Data —
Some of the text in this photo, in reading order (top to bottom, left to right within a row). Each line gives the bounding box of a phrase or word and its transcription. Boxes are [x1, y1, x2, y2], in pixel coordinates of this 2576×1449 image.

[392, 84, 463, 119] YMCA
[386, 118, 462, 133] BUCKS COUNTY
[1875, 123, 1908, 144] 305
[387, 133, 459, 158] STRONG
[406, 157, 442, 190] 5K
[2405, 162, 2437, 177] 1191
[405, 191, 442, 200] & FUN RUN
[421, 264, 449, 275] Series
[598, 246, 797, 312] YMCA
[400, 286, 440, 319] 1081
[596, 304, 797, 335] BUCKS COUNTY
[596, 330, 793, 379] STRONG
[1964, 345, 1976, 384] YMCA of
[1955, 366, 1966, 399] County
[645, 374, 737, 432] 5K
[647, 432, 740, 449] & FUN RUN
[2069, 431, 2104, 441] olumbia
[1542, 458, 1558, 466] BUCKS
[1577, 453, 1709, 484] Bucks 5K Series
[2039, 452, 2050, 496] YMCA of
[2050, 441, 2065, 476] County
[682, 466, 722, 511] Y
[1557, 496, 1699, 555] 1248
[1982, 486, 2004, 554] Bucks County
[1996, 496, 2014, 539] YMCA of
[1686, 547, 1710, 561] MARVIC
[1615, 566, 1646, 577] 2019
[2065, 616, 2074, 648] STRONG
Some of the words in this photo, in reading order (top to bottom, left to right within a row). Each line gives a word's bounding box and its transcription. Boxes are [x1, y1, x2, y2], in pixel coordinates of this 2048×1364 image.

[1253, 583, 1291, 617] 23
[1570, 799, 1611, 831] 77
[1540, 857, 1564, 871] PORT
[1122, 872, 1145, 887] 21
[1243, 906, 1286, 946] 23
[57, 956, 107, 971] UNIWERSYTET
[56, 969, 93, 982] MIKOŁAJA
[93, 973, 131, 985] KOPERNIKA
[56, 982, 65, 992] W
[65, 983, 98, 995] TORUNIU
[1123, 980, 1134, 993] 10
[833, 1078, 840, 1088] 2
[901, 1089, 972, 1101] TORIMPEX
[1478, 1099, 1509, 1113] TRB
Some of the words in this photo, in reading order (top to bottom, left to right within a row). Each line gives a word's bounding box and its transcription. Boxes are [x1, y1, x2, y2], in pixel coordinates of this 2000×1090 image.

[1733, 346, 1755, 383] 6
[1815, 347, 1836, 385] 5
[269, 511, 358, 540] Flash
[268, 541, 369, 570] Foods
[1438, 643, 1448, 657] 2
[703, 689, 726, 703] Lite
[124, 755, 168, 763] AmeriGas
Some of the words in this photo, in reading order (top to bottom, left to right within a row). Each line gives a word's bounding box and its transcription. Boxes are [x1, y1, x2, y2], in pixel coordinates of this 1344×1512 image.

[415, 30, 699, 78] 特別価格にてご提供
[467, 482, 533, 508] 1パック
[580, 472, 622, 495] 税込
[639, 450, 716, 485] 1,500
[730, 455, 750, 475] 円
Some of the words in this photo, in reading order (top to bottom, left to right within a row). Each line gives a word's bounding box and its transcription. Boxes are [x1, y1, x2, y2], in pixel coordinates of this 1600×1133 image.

Task instructions — All entries are to be copied exactly as they read.

Exercise solution —
Some of the text in this photo, in reading order (top to bottom, left to right within a row). Each line gives the bounding box of a phrase or word and its transcription. Boxes are [x1, y1, x2, y2], in pixel coordinates of this 2576×1449 image.

[392, 84, 463, 119] YMCA
[386, 118, 462, 133] BUCKS COUNTY
[1875, 123, 1908, 144] 305
[387, 133, 459, 158] STRONG
[406, 157, 442, 190] 5K
[2405, 162, 2437, 177] 1191
[405, 191, 442, 200] & FUN RUN
[421, 264, 449, 275] Series
[598, 246, 797, 312] YMCA
[400, 286, 440, 319] 1081
[596, 304, 797, 335] BUCKS COUNTY
[596, 330, 793, 379] STRONG
[1964, 345, 1976, 384] YMCA of
[1955, 366, 1966, 399] County
[645, 374, 737, 432] 5K
[647, 432, 740, 449] & FUN RUN
[2069, 431, 2104, 441] olumbia
[1542, 458, 1558, 466] BUCKS
[1577, 453, 1709, 484] Bucks 5K Series
[2039, 452, 2050, 496] YMCA of
[2050, 441, 2065, 476] County
[682, 466, 722, 511] Y
[1557, 496, 1699, 555] 1248
[1982, 486, 2004, 554] Bucks County
[1996, 496, 2014, 539] YMCA of
[1686, 547, 1710, 561] MARVIC
[1615, 566, 1646, 577] 2019
[2065, 616, 2074, 648] STRONG
Some of the words in this photo, in reading order (top to bottom, left to right within a row). Each line gives a word's bounding box and its transcription. Boxes are [x1, y1, x2, y2], in pixel coordinates of this 2048×1364 image.

[1253, 583, 1291, 617] 23
[1570, 799, 1611, 831] 77
[1540, 857, 1564, 871] PORT
[1122, 872, 1145, 887] 21
[1243, 906, 1286, 946] 23
[57, 956, 107, 971] UNIWERSYTET
[56, 969, 93, 982] MIKOŁAJA
[93, 973, 131, 985] KOPERNIKA
[56, 982, 65, 992] W
[65, 983, 98, 995] TORUNIU
[1123, 980, 1134, 993] 10
[833, 1078, 840, 1088] 2
[901, 1089, 972, 1101] TORIMPEX
[1478, 1099, 1509, 1113] TRB
Some of the words in this photo, in reading order (top to bottom, left to right within a row). Each line gives a word's bounding box and its transcription. Boxes are [x1, y1, x2, y2], in pixel coordinates of this 2000×1090 image.

[1733, 346, 1755, 383] 6
[1815, 347, 1836, 385] 5
[269, 511, 358, 540] Flash
[268, 541, 369, 570] Foods
[1438, 643, 1448, 657] 2
[703, 689, 726, 703] Lite
[124, 755, 168, 763] AmeriGas
Some of the words in this photo, in reading order (top to bottom, left to right within a row). Each line gives a word's bounding box and its transcription. Boxes are [x1, y1, x2, y2], in pixel coordinates of this 1344×1512 image.

[415, 30, 699, 78] 特別価格にてご提供
[467, 482, 533, 508] 1パック
[580, 472, 622, 495] 税込
[639, 450, 716, 485] 1,500
[730, 455, 750, 475] 円
Some of the words in this photo, in reading order (top to bottom, left to right within a row). Each line gives a word's bounding box and its transcription. Boxes are [x1, y1, x2, y2], in pixel coordinates of this 1600×1133 image.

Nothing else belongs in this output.